Work required => Reproduce all records word for word.

(Stored records)
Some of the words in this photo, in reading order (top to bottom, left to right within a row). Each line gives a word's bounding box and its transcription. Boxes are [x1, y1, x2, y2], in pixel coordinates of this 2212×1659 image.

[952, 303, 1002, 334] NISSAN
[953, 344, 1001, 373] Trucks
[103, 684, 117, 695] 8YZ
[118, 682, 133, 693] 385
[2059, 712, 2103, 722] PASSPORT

Solution to this problem =>
Some of the words in this photo, in reading order (top to bottom, left to right within a row). Each line gives a word's bounding box and its transcription. Boxes are [x1, y1, x2, y2], in pixel coordinates of this 2212×1659 image.

[952, 303, 1002, 334] NISSAN
[953, 344, 1001, 373] Trucks
[103, 684, 117, 695] 8YZ
[118, 682, 133, 693] 385
[2059, 712, 2103, 722] PASSPORT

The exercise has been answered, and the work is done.